I think it also meant a lot to Chris that they were alive to see the advent of imaging of the brain that consistantly showed clear differences between system members of the one multiple system, contrasted with singletons acting different characters. Chris had been told all along that her system mates weren't real, or were all creations of herself. Seeing the scans of other systems' brains vindicated their own, privately held consistent belief that their 'sisters' had been real. Science gave them the validation of their experience that mere autobiography of memory could not.

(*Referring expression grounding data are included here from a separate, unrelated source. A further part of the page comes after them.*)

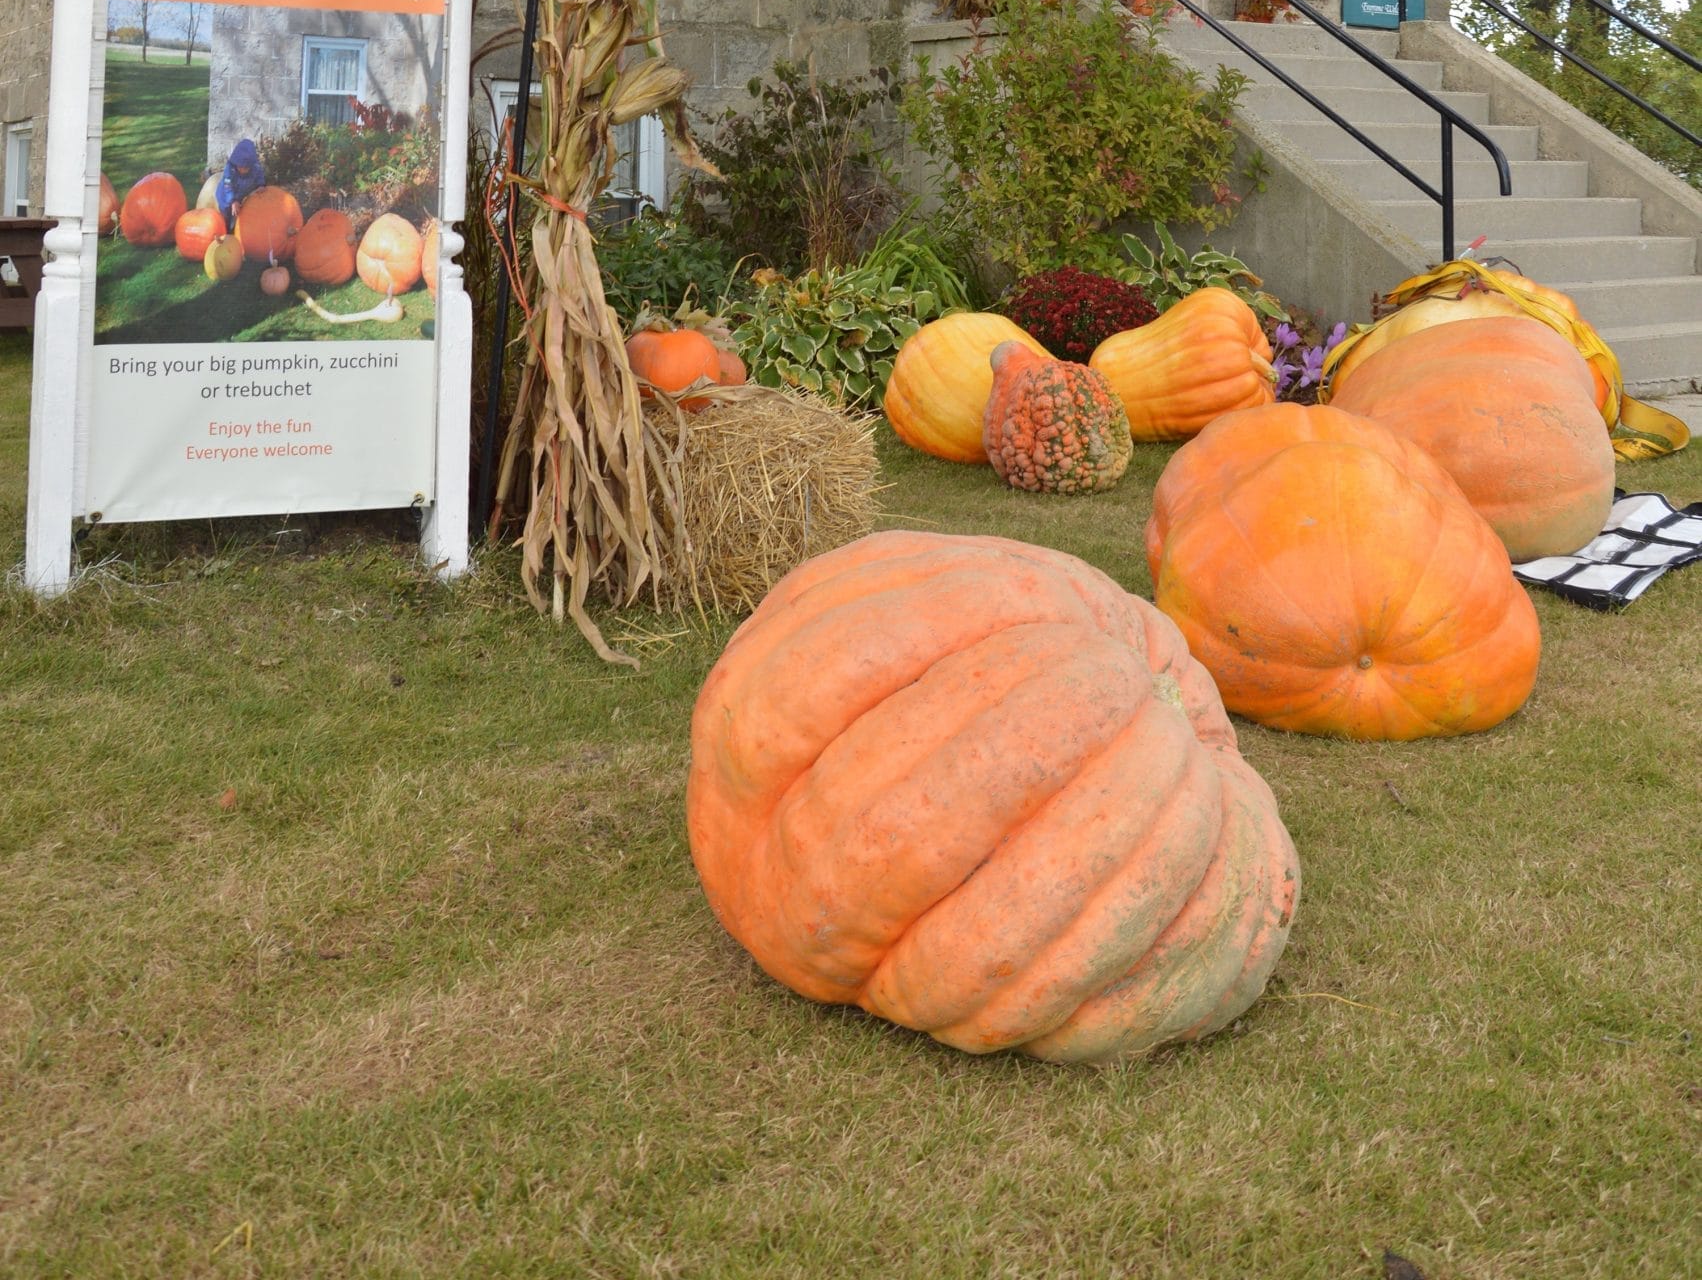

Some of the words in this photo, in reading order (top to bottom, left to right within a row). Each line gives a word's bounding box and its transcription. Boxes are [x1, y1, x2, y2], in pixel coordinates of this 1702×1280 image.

[109, 356, 157, 377] Bring
[163, 359, 204, 376] your
[210, 355, 236, 375] big
[242, 354, 325, 375] pumpkin,
[329, 352, 399, 370] zucchini
[200, 384, 220, 399] or
[225, 380, 312, 398] trebuchet
[209, 421, 252, 437] Enjoy
[256, 419, 282, 435] the
[286, 418, 312, 434] fun
[186, 444, 259, 462] Everyone
[264, 442, 333, 458] welcome

Engaging book about the real Eve of The 3 Faces of Eve. If you read the book or saw the movie, you should read this book. If not, I'd suggest watching the movie first. The original book was written by her first therapists and called her cured, even though there were 18 more personalities and finally the true personality.

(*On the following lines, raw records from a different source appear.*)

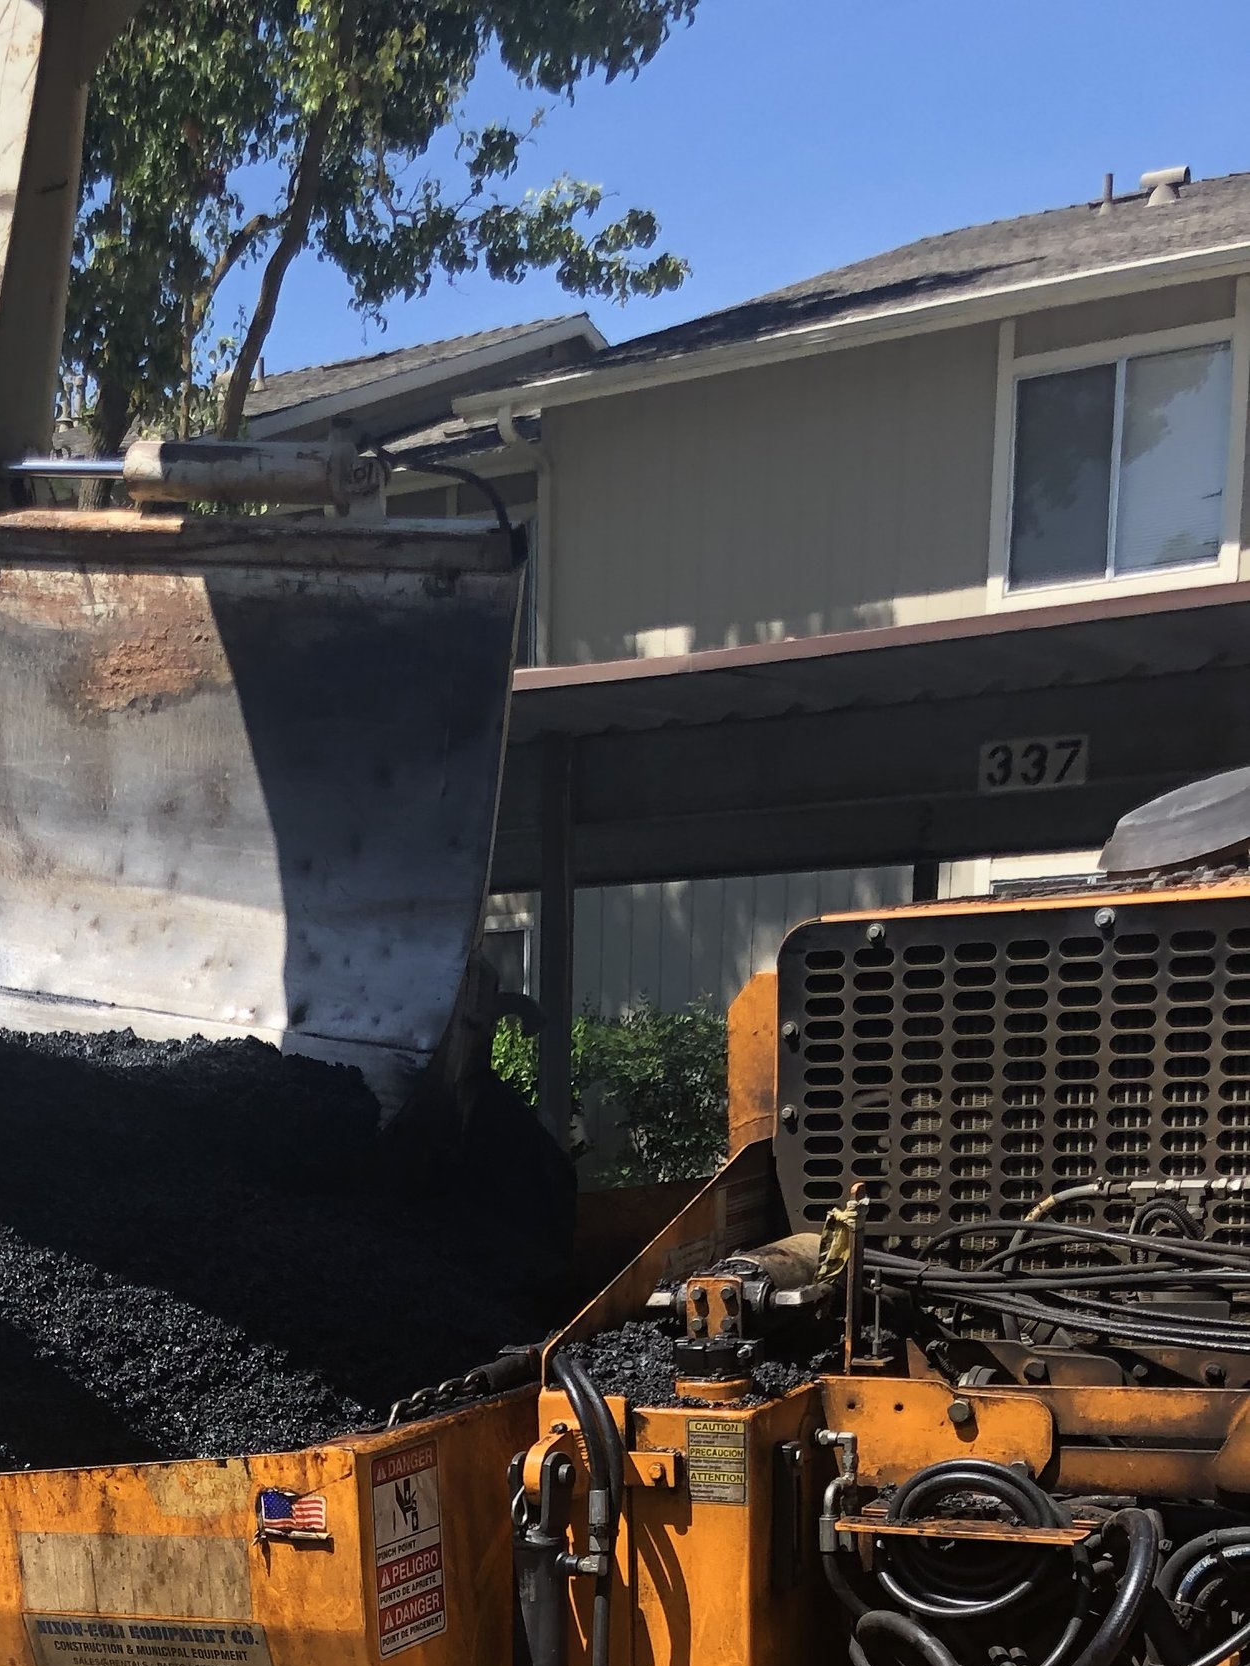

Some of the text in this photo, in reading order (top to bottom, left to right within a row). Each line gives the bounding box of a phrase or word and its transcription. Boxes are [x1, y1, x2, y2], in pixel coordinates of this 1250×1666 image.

[986, 739, 1082, 787] 337
[694, 1422, 738, 1432] CAUTION
[387, 1447, 433, 1477] DANGER
[690, 1448, 744, 1458] PRECAUCION
[690, 1472, 743, 1483] ATTENTION
[377, 1539, 416, 1563] PINCH POINT
[392, 1550, 438, 1583] PELIGRO
[379, 1574, 437, 1606] PUNTO DE APRIETE
[395, 1592, 440, 1625] DANGER
[129, 1625, 226, 1644] EQUIPMENT
[231, 1629, 259, 1645] CO.
[382, 1631, 400, 1647] POINT
[401, 1628, 409, 1639] DE
[54, 1640, 248, 1661] CONSTRUCTION & MUNICIPAL EQUIPMENT
[72, 1657, 101, 1666] SALES

Very well-written account of an MPD/DID sufferer putting her life back together after missing out on so much of it! There's a lot of hope and demonstrable healing in this book, which I found to be very encouraging. Her anecdote about growing flowers in her garden, and that in nurturing and caring for her plants in the physical world, she could feel the healing and metaphor it held for her own life experiences really touched me. Her ability to be a part of her current life and in-the-now moment, away from the ache of the past is astonishing. A must-read for anyone who suffers with the illness, to read and get into the mind of someone who has battled DID for many decades (she was one of the original cases in the 1950's that made the 'disorder' recognized) and came out victorious.
Having read "I'm Eve" and "When Rabbit Howls" as required reading for Psychology in college I wanted to know a bit more about Multiple Personality Disorder. I was delighted to see Ms. Costmore (Eve) reunited with all the bits and pieces of her many personalities. This book was written so the 'average Joe' could understand this very misunderstood condition.
This is a personal account (free of drama) of the woman known as Eve in her own words, regarding her own life now after integration. Very interesting follow-up years after she first became known.